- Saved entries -
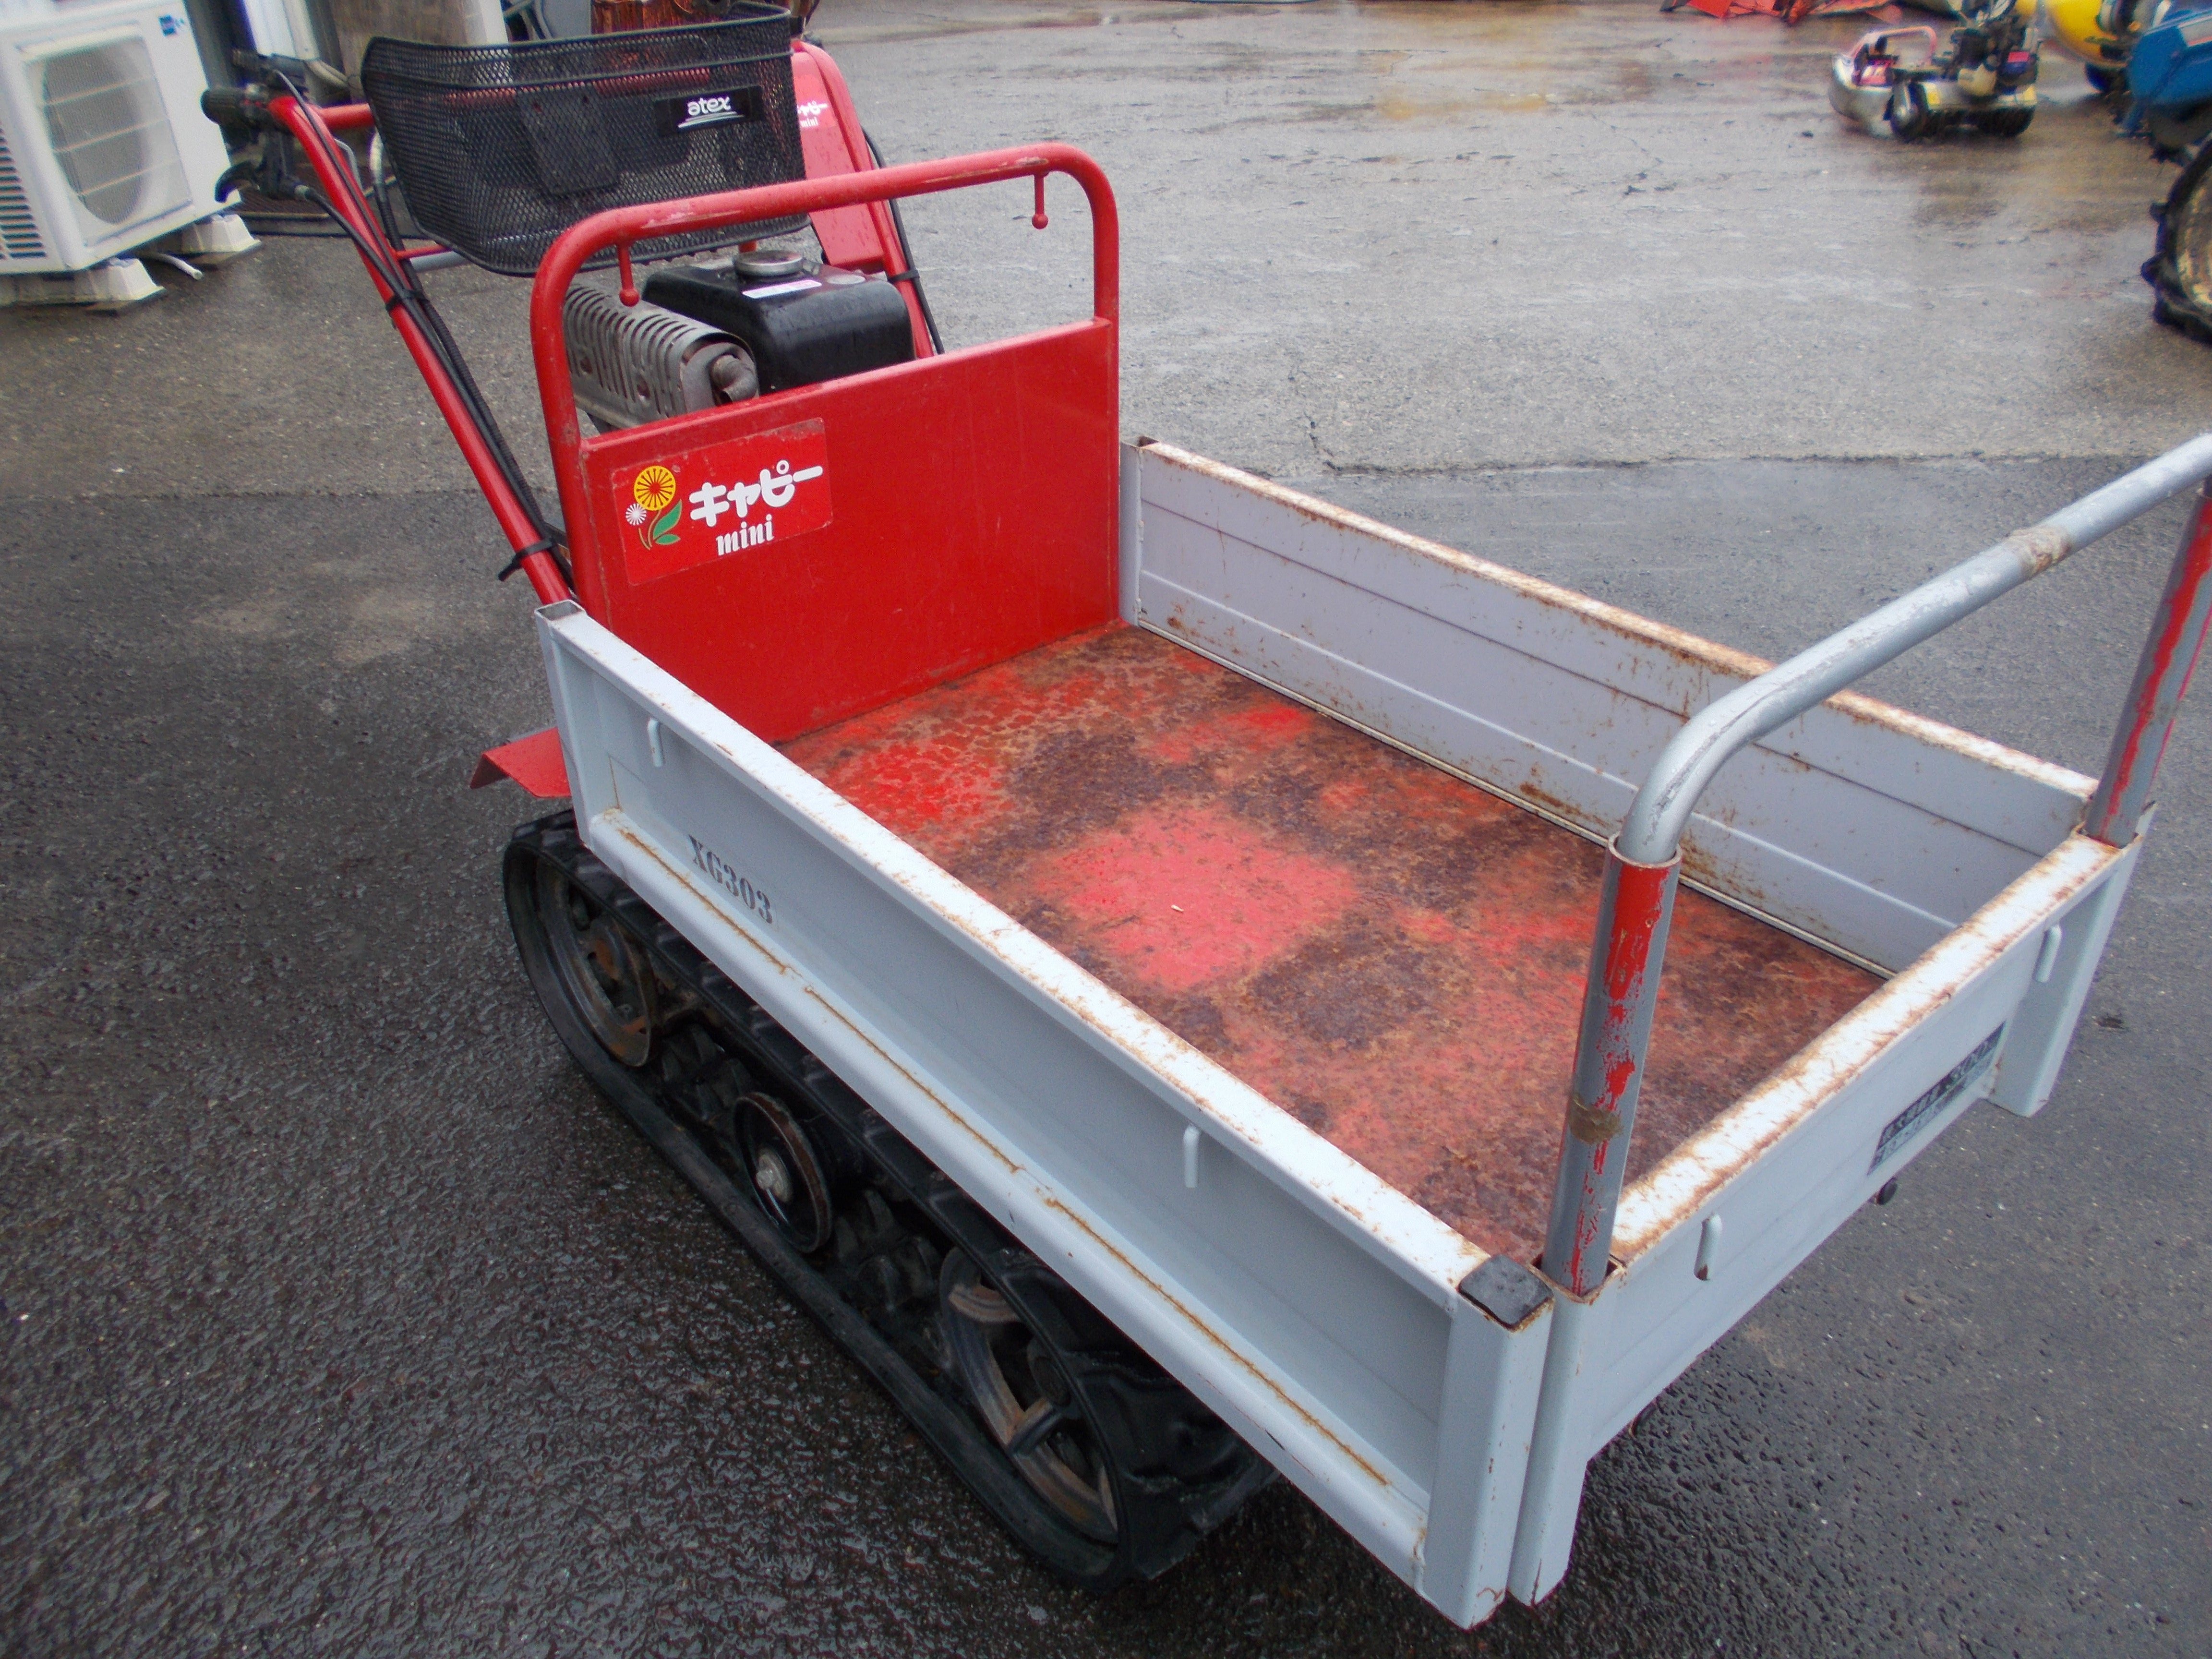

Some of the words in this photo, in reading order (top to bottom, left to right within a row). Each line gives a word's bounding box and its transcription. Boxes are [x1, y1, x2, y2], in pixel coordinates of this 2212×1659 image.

[687, 96, 731, 116] atex
[800, 117, 819, 128] mini
[689, 459, 823, 527] キャピー
[715, 514, 774, 556] mini
[688, 834, 773, 924] XG303

- Task brief -
Copy out all the data above exactly, pictures excluded.

- Answer to this problem -
Some of the words in this photo, in reading order (top to bottom, left to right within a row). Each line gives a word's bounding box and its transcription. Boxes are [x1, y1, x2, y2], in pixel coordinates of this 2212×1659 image.

[687, 96, 731, 116] atex
[800, 117, 819, 128] mini
[689, 459, 823, 527] キャピー
[715, 514, 774, 556] mini
[688, 834, 773, 924] XG303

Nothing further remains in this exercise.